Chakrawatendra Malla, giddy, nervous, too young to understand the powers he had just acquired, tried to walk confidently towards the elephant stable. He had mentally prepared himself for this day for years. But now the day was here, and it was as if a dream.

I am the king of Nepal. Maharajadhiraj Nepaleswar Rajrajendra Sri Sri Jaya Cakrawartendra Malla Dev. 

That is what the guru and purohits had called him yesterday during the coronation. But now he was unsure whether he could live up to the imposing title. He reached down and felt the royal sword on his side. The poetic majesty of Pratap Malla still lingered in the hilt. It gave him a small boost of confidence. 

I could get used to this. 

Imitating the elegant swagger with which his father walked even in retirement, Chakrawatendra strode into the royal stable. He picked out the chief elephant Gajananda easily... he had ridden him only yesterday during the coronation procession around Thaney and Kwaney. Today Gajananda swayed slightly from side to side. The chief mahut watched him closely, muttering soothing words at 

him. The mahut noticed the King and scurried up to him with a bundle of hay.

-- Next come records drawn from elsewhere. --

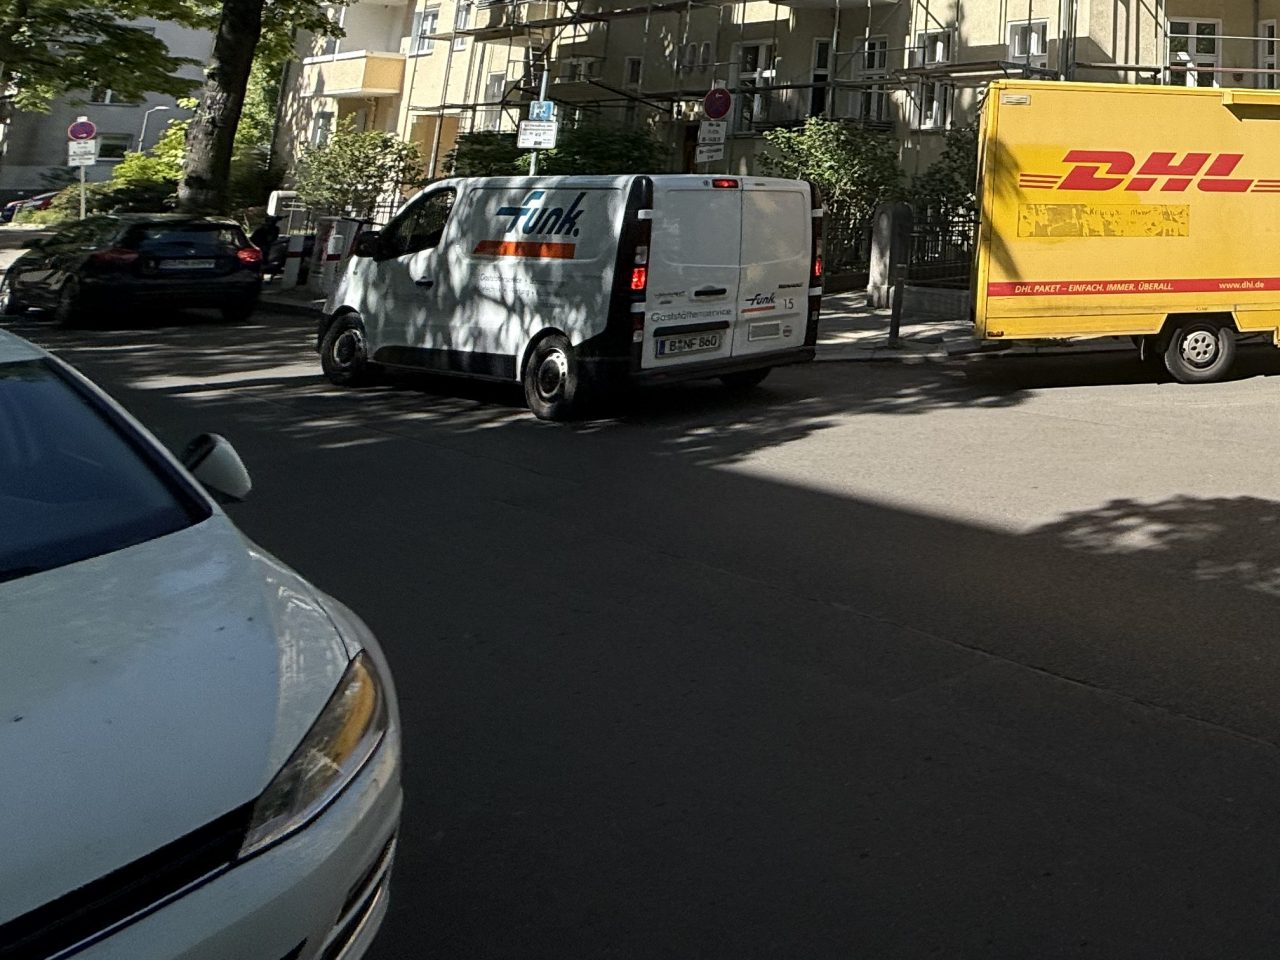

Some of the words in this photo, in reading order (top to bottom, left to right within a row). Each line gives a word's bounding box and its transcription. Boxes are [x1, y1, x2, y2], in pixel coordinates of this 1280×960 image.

[1056, 150, 1254, 192] DHL
[1015, 285, 1032, 293] DHL
[1034, 284, 1061, 293] PAKET
[1068, 283, 1105, 292] EINFACH.
[1106, 283, 1136, 291] IMMER.
[1138, 281, 1174, 290] ÜBERALL.
[1218, 280, 1265, 289] www.dhl.de

Maharaj. If it pleases your 

majesty... for Gajananda.

Chakrawatendra grabbed the hay with one hand, steadied his sword at the hilt with the other, and approached the swaying Gajananda. Gajananda put out a loud trumpet and started swaying violently, ears flapping, as if possessed by spirits. Chakrawatendra startled and stepped back. The disquiet within him returned. Nervously he went closer and offered Gajananda the bundle of hay. As he did so, his sword somehow got undone from his belt and fell on the hard stone floor with a series of lout metallic clangs. Overwhelmed, Chakrawatendra bent down with a jerky motion to pick up the sword, and tripped on the uneven stone paving. He fell clumsily right in front of Gajananda. Gajananda trumpeted loudly again, and raised his right foot.

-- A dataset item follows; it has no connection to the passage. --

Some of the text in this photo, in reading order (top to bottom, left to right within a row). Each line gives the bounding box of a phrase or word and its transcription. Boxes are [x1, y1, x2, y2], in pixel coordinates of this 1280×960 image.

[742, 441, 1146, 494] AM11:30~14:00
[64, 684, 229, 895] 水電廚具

Everyone in the sable the mahut the caretakers the royal guards all were concerned about the new King, very aware of the consequences of even a slight injury to his body, now inhabited by Vishnu. But amidst the exploding chaos their attention was focused on Gajananda, whom they were trying to calm down somehow. Only some of them saw what happened next. But all of them heard the sounds as Gajananda lowered his right leg swiftly onto Chakrawatendra’s chest. Yes they heard the crunch of Chakrawatendra’s ribs as they gave way rather easily to the sheer mass of elephant’s foot. They also heard the soft patta of his heart as it broke like a tender peapod. 

The heart of a little boy of thirteen who was king but for a day.

A pool of blood gathered in the hollow cavity of Chakrawatendra’s chest and flowed away in a trickle down the stone slabs. Gajananda stepped back, still swaying slightly but fully aware of the enormity of his action. The royal minders were frozen in shock. 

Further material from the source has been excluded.